First of all, I understand the advantages of brining chicken. My recipe is simple, 1 gallon water, 1 cup sea salt, 1 cup brown sugar. I have just recently started brining my chicken, have always injected.  Recently cooked a brined chicken in a comp. It was good but still lacked that first place flavor I expected . Placed on rack to let excess brine drip off. Lightly seasoned with a low salt rub. Any suggestions to take this recipe to the next level.

papajim

I'm not perfect.... just like to add my .02 on the internet


----------



## themule69 (Oct 3, 2014)

Add another layer of flavor. Maybe use some herbs in your brine. Try using different types of wood. Keep good notes as to what you are doing. That way you know what to tweak for the next change.

Happy smoken.

David


----------



## chef willie (Oct 3, 2014)

JJ uses a good brine that I have used with good results. Use the search bar & check his out VS what yours contains and make adjustments if you wish.....HTH, Willie


----------



## goliath (Oct 3, 2014)

i found this on the forum last year and have used it religiously with great results. have even done some injecting!!!

I take a standard poultry brine of:

1 Gal Water
2.5 oz Salt - Kosher
2.5 oz Sugar
1 ½  tsp Garlic Powder
1 ½  tsp Onion Powder
1 ½  tsp Cajun Spice (Louisiana Cajun Seasoning)
1 ½  tsp Celery Seed

To that I add a grocery store size bottle of Kraft Catalina Salad Dressing and a bottle of Crystal Hot Sauce.
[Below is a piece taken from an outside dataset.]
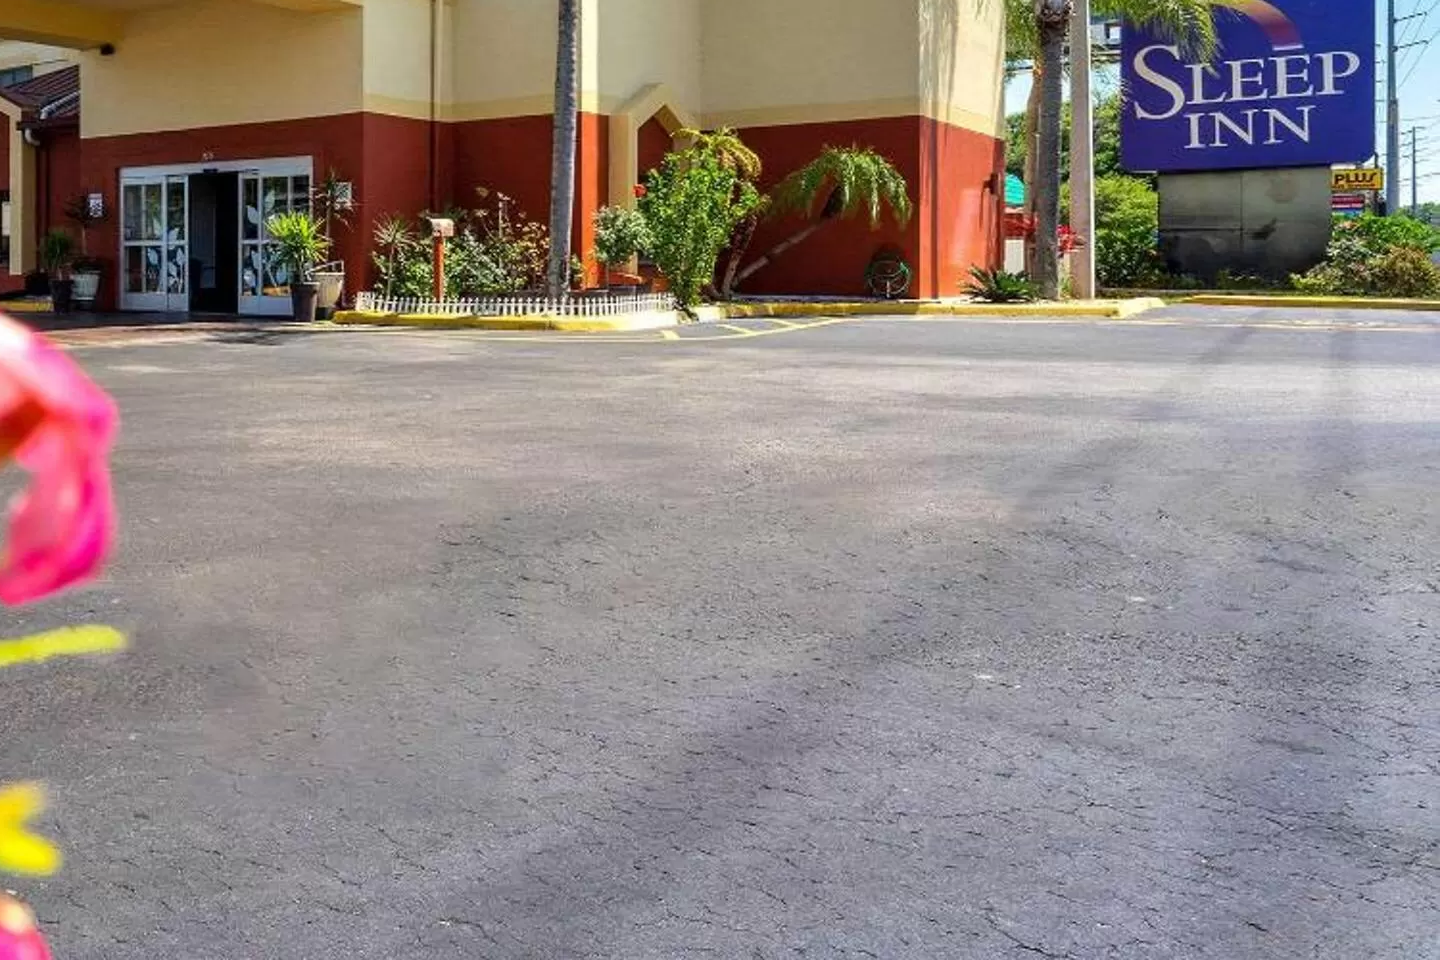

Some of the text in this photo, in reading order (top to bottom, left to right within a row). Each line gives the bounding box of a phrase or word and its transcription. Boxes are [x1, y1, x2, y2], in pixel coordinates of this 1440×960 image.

[1132, 43, 1361, 121] SLEEP
[1184, 105, 1317, 150] INN
[1334, 172, 1378, 185] PLUS
For the individual pieces I marinate 24 hours.  For the whole bird I go up to 48 hours. 

I spatchcock the whole bird because I think it cooks faster, and also gives more skin exposure, allowing it to get past the rubbery stage.
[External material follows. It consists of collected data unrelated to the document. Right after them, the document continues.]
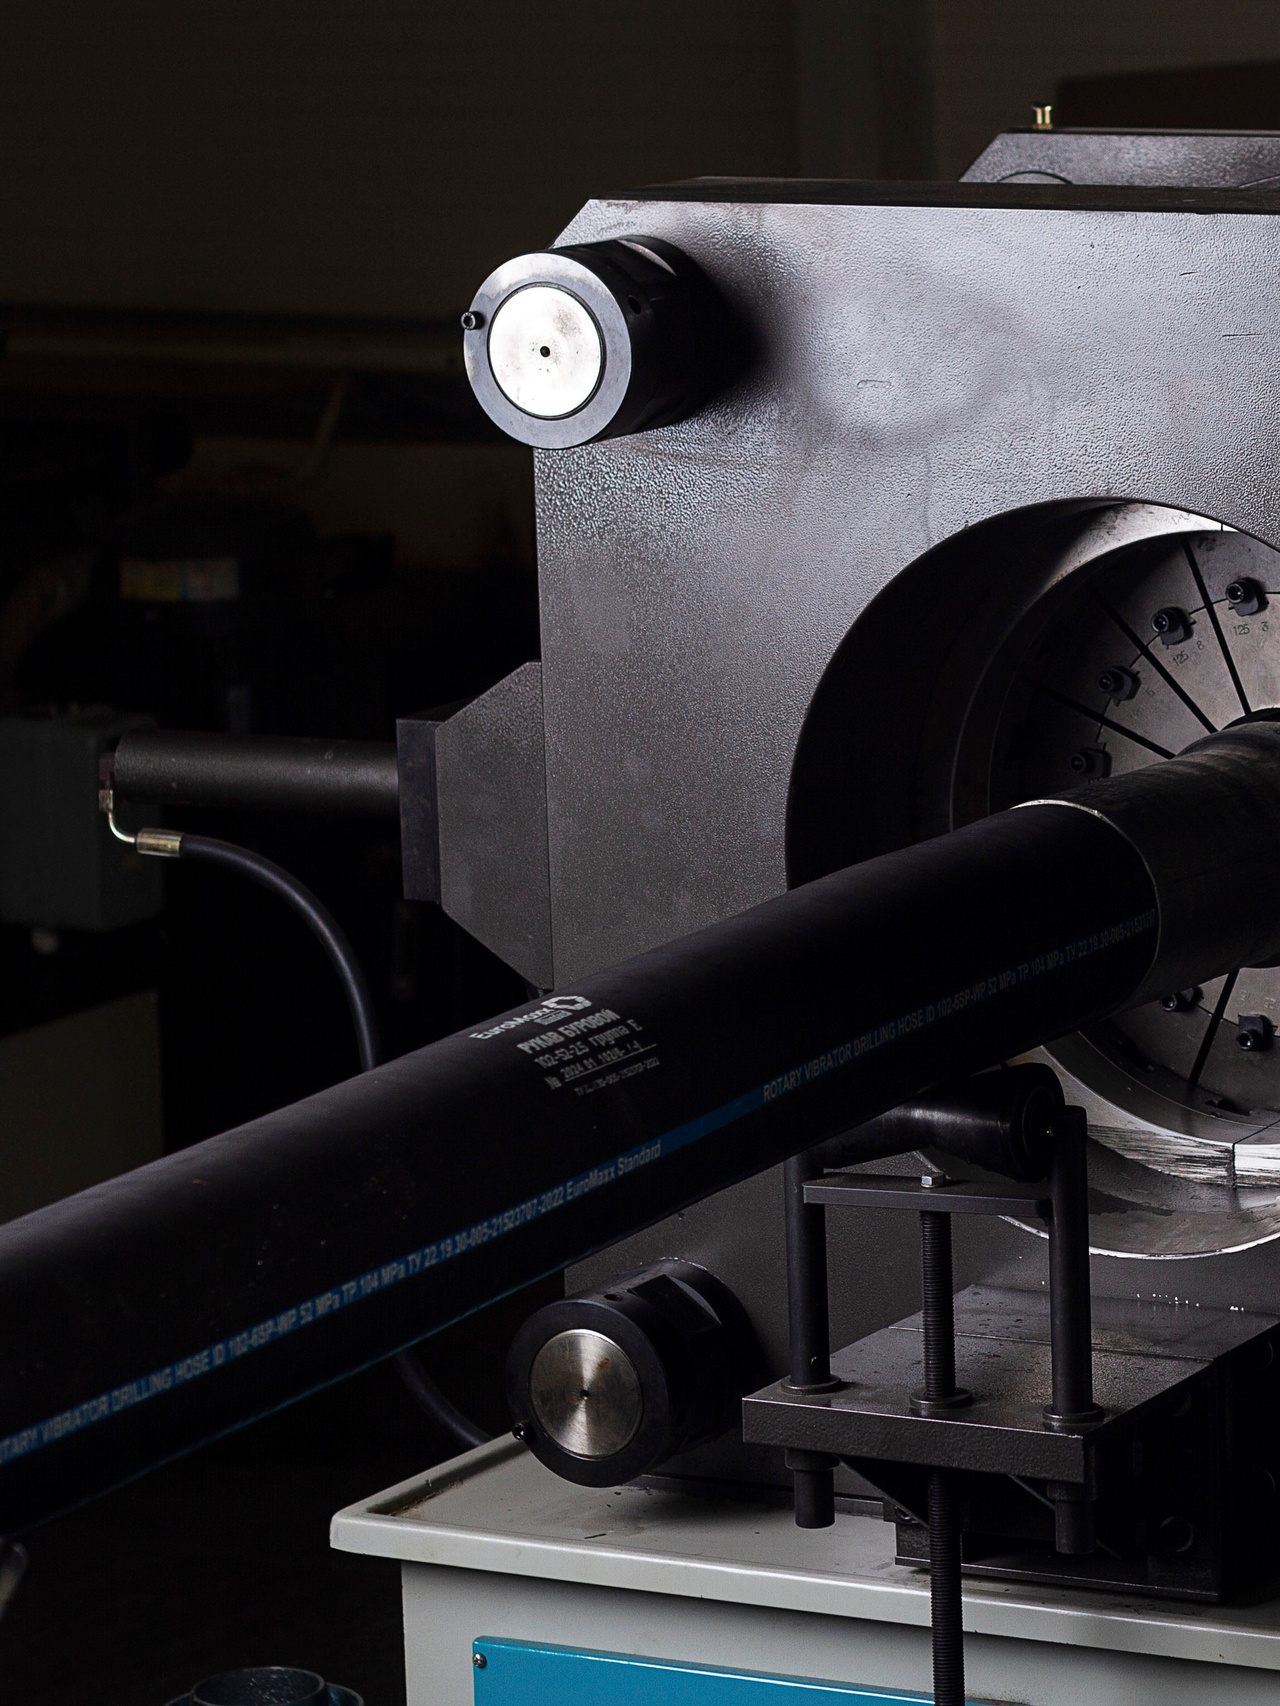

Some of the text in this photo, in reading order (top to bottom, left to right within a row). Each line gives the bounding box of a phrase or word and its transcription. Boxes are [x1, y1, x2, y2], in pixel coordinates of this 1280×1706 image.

[1233, 624, 1250, 636] 125
[1172, 650, 1190, 667] 125
[516, 1031, 566, 1055] РУКАВ
[557, 1008, 621, 1038] БУРОВОЙ
[588, 1025, 631, 1047] группа
[763, 1069, 802, 1103] ROTARY
[803, 1042, 852, 1081] VIBRATOR
[853, 1021, 897, 1057] DRILLING
[897, 1009, 924, 1040] HOSE
[40, 1394, 111, 1444] VIBRATOR
[112, 1371, 174, 1413] DRILLING
[175, 1348, 211, 1385] HOSE
[566, 1164, 616, 1201] EuroMaxx
[617, 1139, 662, 1177] Standard
Once out of the marinade and drained, they get rubbed in:

¾ C. Sugar
1 T Kosher Salt
2T Black Pepper
1T Garlic
1T Onion
2T Old Bay
4T Paprika
2 t dry mustard
½ t ground bay
½ t ground rosemary


----------



## themule69 (Oct 3, 2014)

GOLIATH said:


> i found this on the forum last year and have used it religiously with great results. have even done some injecting!!!
> 
> I take a standard poultry brine of:
> 
> ...


That sounds tasty!

Happy smoken.

David


----------



## noboundaries (Oct 3, 2014)

Try replacing at least half the water with orange juice.  It shot my brines to another level.  I also add a little Prague Powder #1 to my brines (1/4 tsp per 6 lb chicken). Check if you can use curing salt though.  Could be a DQ issue.


----------



## papajim (Oct 3, 2014)

Thanks to all who replied. This goes to show you if you have a problem ask the experts on this forum. Thanks again guys.

papajim

I'm not perfect... just like to add  my .02 on the internet


----------